FIG. 1 is a sectional view of a memory cell showing a structure of a dynamic memory device of the present invention.

FIG. 2 is an equivalent circuit diagram of a memory cell of a dynamic memory device.

[Explanation of symbols]

 2 Microcapacity 3 Word line 5 Ground line 9 Si substrate 11 First electrode 12 Second electrode 41 First wiring material 42 Second wiring material 43 Contact surface

Claims (3)

[Claims] 1. A transistor having a control terminal and two operation terminals, a memory cell connected to one operation terminal of the transistor and having a minute capacitance for accumulating charges, and a control terminal of the transistor.
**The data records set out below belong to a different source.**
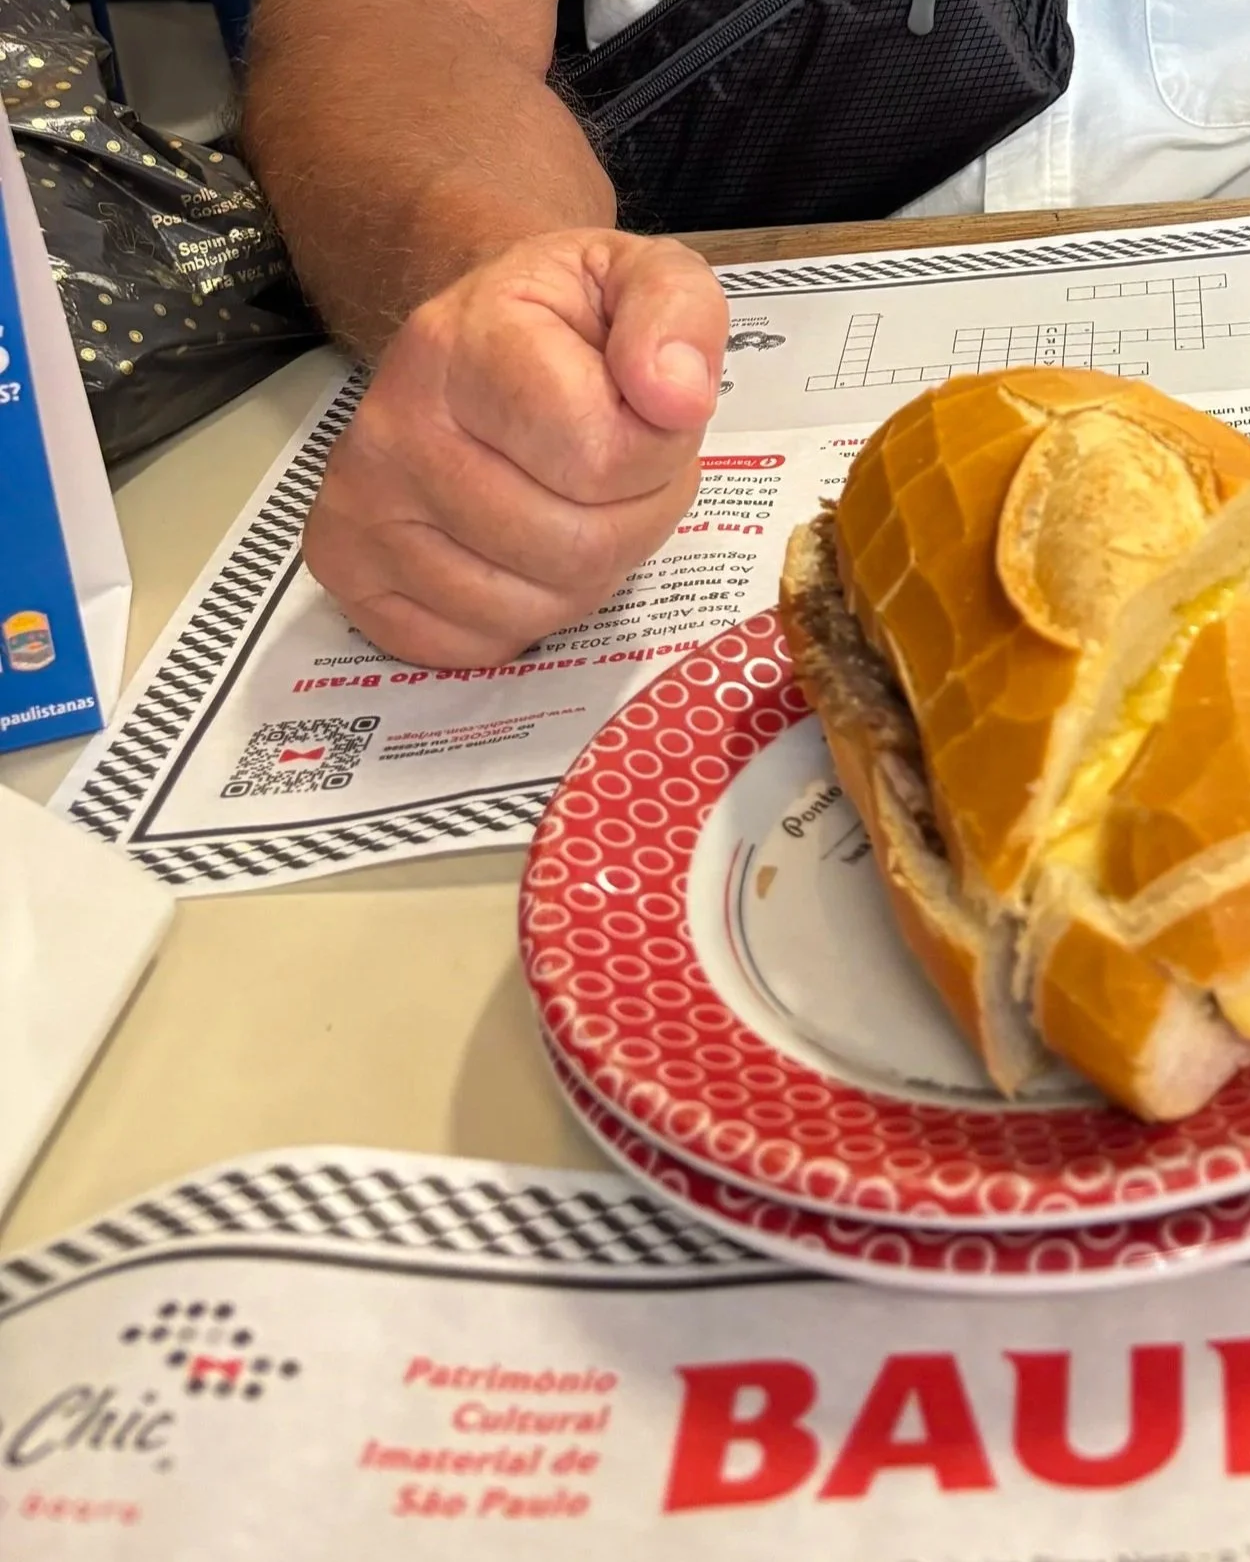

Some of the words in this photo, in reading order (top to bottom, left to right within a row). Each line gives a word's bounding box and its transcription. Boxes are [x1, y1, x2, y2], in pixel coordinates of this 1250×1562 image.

[699, 459, 757, 468] /barpont
[727, 475, 782, 485] cultura
[699, 487, 755, 496] 28/12/2
[758, 488, 778, 496] de
[697, 498, 774, 508] Imaterial
[703, 510, 750, 519] Bauru
[756, 511, 771, 519] O
[677, 521, 710, 535] pa
[717, 523, 764, 536] Um
[661, 550, 757, 565] degustando
[670, 564, 726, 576] provar
[729, 565, 754, 574] Ao
[625, 572, 654, 583] esp
[660, 578, 722, 590] mundo
[726, 577, 750, 586] do
[649, 593, 697, 607] lugar
[734, 590, 746, 598] o
[598, 600, 647, 616] entre
[647, 606, 694, 621] Atlas,
[698, 604, 741, 613] Taste
[594, 616, 641, 631] nosso
[710, 617, 737, 627] No
[641, 620, 705, 639] ranking
[570, 635, 612, 650] 2023
[616, 632, 638, 643] de
[546, 642, 567, 653] da
[592, 639, 700, 665] melhor
[292, 674, 382, 694] Brasil
[390, 670, 429, 686] do
[450, 726, 514, 744] QRCODE
[466, 731, 530, 749] Confirme
[383, 741, 429, 752] acesse
[430, 739, 449, 747] ou
[378, 747, 445, 762] respostas
[782, 786, 843, 838] Ponto
[402, 1355, 619, 1394] Patrimônio
[452, 1401, 612, 1433] Cultural
[3, 1382, 174, 1470] Chic
[359, 1439, 546, 1474] Imaterial
[550, 1446, 600, 1474] de
[392, 1484, 467, 1517] São
[478, 1486, 592, 1518] Paulo
A word line that is connected and to which a control voltage for controlling on / off between the two operation terminals of the transistor is applied, a first wiring material connected to the other operation terminal of the transistor, and the first wiring material A bit line made of a second wiring material having a Fermi level higher than that of the first wiring material, the bit line being in contact with the first wiring material. 2. The dynamic memory element according to claim 1, wherein a contact surface between the first wiring material and the second wiring material is arranged at a position where heat is transferred to the memory cell for a shortest time. A dynamic memory device characterized in that 3. The dynamic memory element according to claim 1, wherein the first wiring material is formed of a semiconductor, and the second wiring material is formed of a metal that is a conductor. And a dynamic memory device.